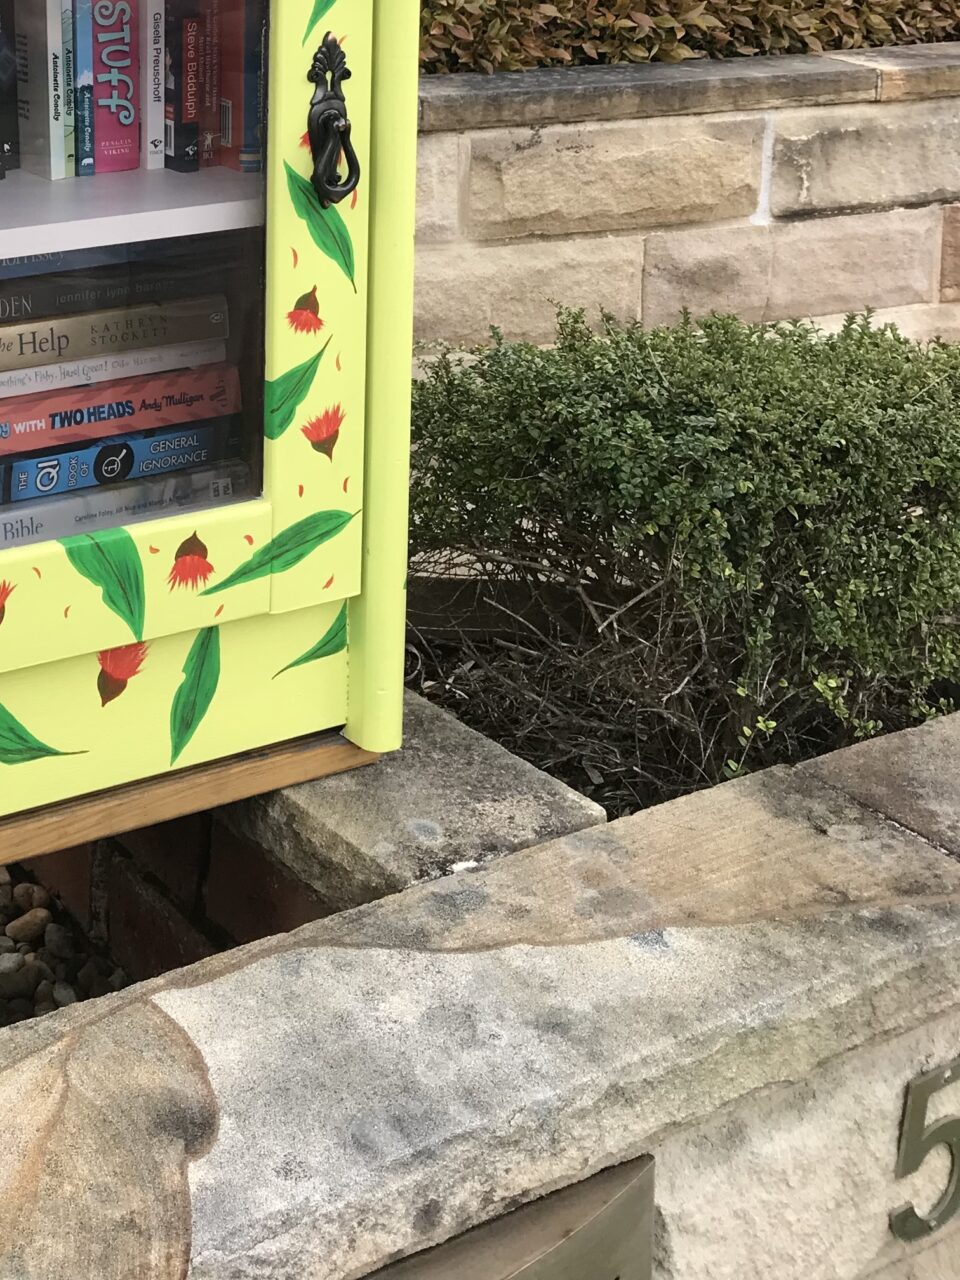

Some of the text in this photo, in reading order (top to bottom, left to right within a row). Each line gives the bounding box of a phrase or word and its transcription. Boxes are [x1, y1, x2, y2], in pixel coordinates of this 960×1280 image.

[52, 52, 60, 92] Antoinette
[65, 47, 73, 87] Antoinette
[152, 12, 162, 102] Gisela Preuschoff
[184, 22, 198, 119] Steve Biddulph
[90, 314, 169, 334] KATHRYN
[90, 326, 169, 346] STOCKETT
[17, 326, 70, 357] Help
[13, 418, 47, 435] WITH
[49, 408, 86, 430] TWO
[86, 399, 136, 425] HEADS
[140, 397, 162, 413] Andy
[162, 391, 205, 408] Mulligan
[139, 448, 209, 473] IGNORANCE
[150, 433, 200, 455] GENERAL
[18, 456, 79, 492] THE QI BOOK
[80, 463, 89, 478] OF
[3, 516, 44, 541] Bible
[888, 1053, 960, 1243] 5

--- --- ---

### Exercise aim
An exact copy of every entry, without pictures, should be your output.

### Answer section
Some of the text in this photo, in reading order (top to bottom, left to right within a row). Each line gives the bounding box of a phrase or word and its transcription. Boxes are [x1, y1, x2, y2], in pixel coordinates of this 960×1280 image.

[52, 52, 60, 92] Antoinette
[65, 47, 73, 87] Antoinette
[152, 12, 162, 102] Gisela Preuschoff
[184, 22, 198, 119] Steve Biddulph
[90, 314, 169, 334] KATHRYN
[90, 326, 169, 346] STOCKETT
[17, 326, 70, 357] Help
[13, 418, 47, 435] WITH
[49, 408, 86, 430] TWO
[86, 399, 136, 425] HEADS
[140, 397, 162, 413] Andy
[162, 391, 205, 408] Mulligan
[139, 448, 209, 473] IGNORANCE
[150, 433, 200, 455] GENERAL
[18, 456, 79, 492] THE QI BOOK
[80, 463, 89, 478] OF
[3, 516, 44, 541] Bible
[888, 1053, 960, 1243] 5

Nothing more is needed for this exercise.